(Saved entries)
'''

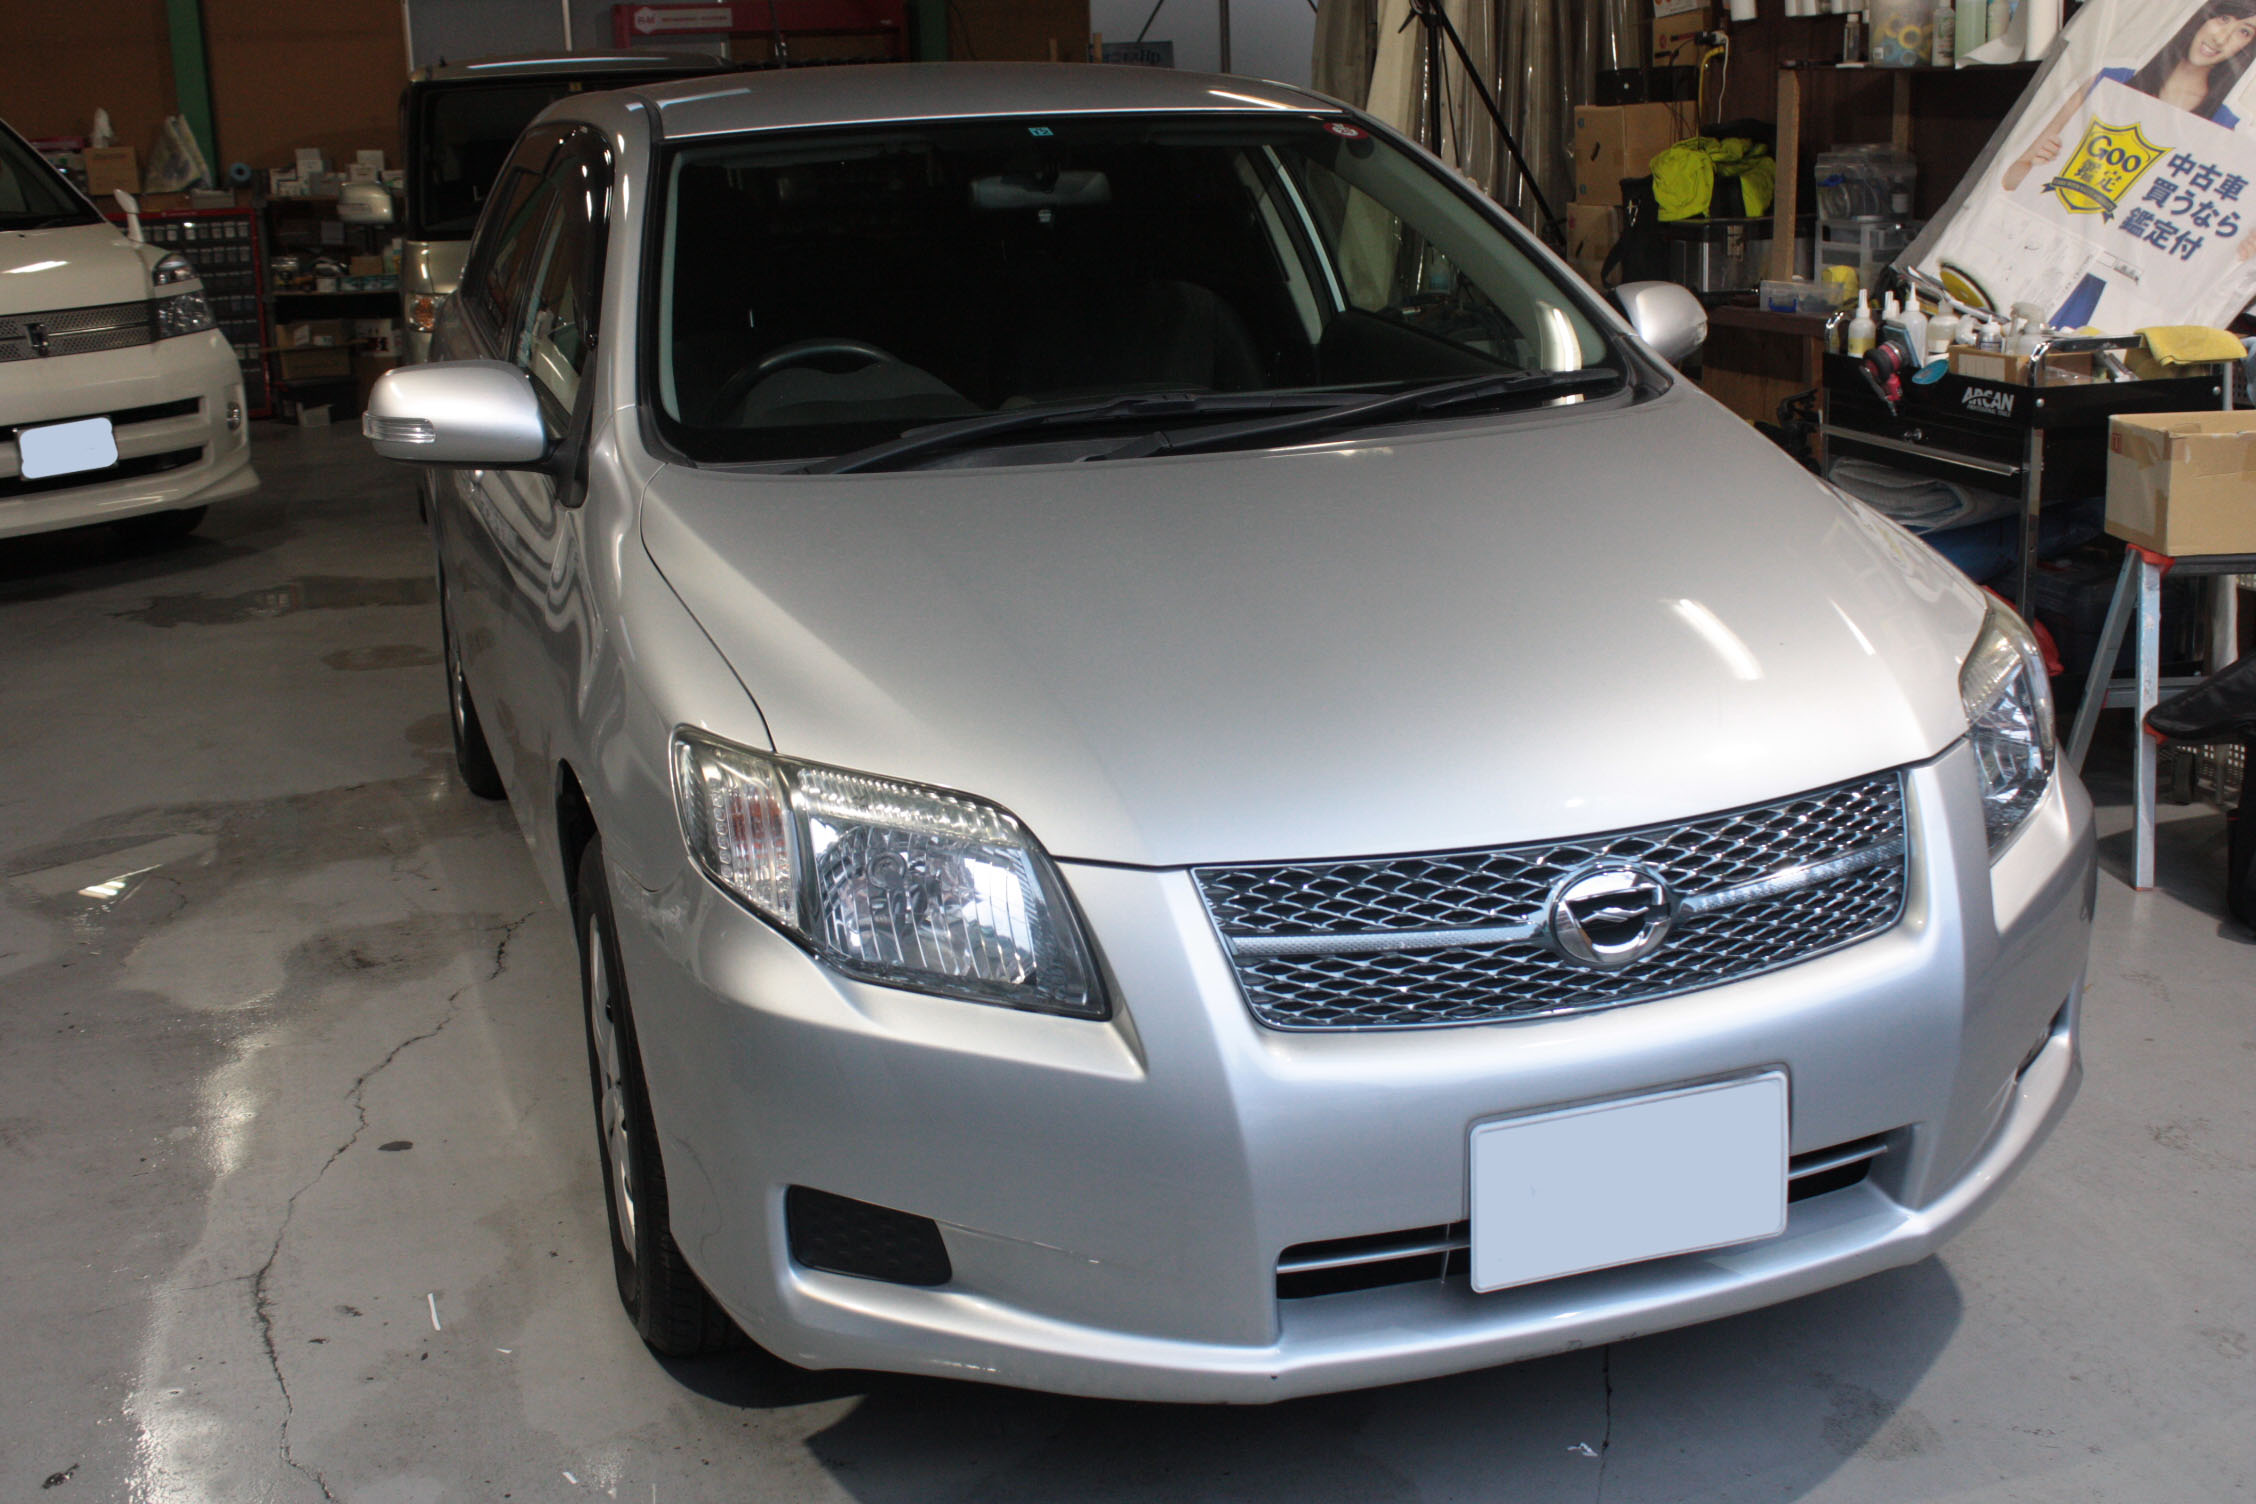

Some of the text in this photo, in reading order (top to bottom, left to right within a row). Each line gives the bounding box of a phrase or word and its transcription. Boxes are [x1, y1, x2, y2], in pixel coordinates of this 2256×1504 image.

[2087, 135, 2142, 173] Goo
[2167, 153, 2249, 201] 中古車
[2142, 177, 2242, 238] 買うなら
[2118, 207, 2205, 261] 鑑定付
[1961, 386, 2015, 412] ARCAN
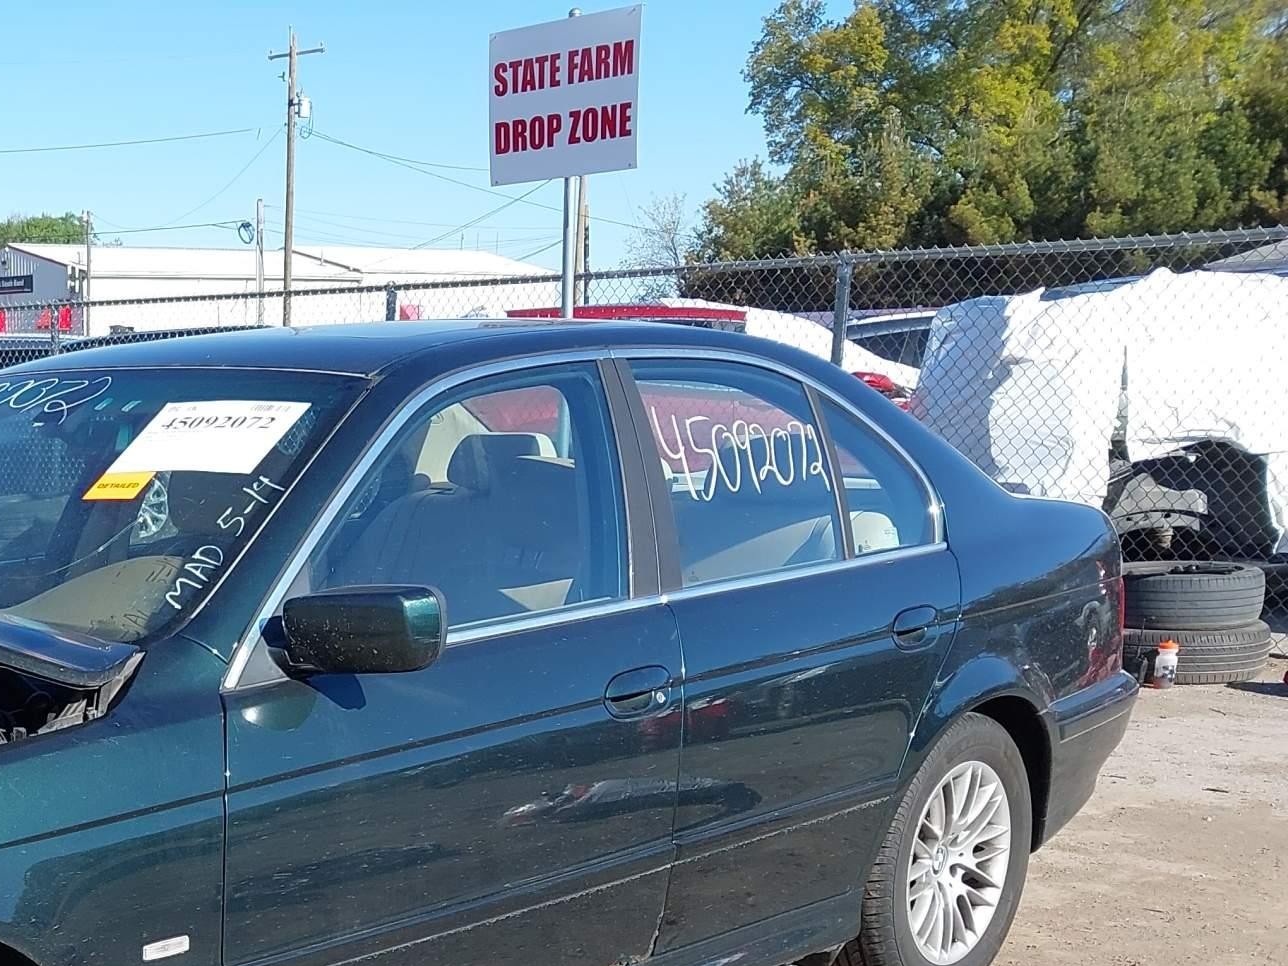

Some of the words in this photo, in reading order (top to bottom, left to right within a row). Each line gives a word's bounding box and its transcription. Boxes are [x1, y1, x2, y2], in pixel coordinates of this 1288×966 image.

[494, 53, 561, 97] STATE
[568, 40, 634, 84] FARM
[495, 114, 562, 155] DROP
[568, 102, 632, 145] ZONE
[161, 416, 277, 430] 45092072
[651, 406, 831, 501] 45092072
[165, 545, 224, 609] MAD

'''

_WHAT YOU SHOULD DO_.
A faithful copy of the data is required: each word kept, each picture omitted.

_ANSWER SPACE_.
Some of the text in this photo, in reading order (top to bottom, left to right within a row). Each line gives the bounding box of a phrase or word and its transcription. Boxes are [x1, y1, x2, y2], in pixel coordinates of this 2256×1504 image.

[2087, 135, 2142, 173] Goo
[2167, 153, 2249, 201] 中古車
[2142, 177, 2242, 238] 買うなら
[2118, 207, 2205, 261] 鑑定付
[1961, 386, 2015, 412] ARCAN

Some of the words in this photo, in reading order (top to bottom, left to right within a row). Each line gives a word's bounding box and its transcription. Boxes are [x1, y1, x2, y2], in pixel coordinates of this 1288×966 image.

[494, 53, 561, 97] STATE
[568, 40, 634, 84] FARM
[495, 114, 562, 155] DROP
[568, 102, 632, 145] ZONE
[161, 416, 277, 430] 45092072
[651, 406, 831, 501] 45092072
[165, 545, 224, 609] MAD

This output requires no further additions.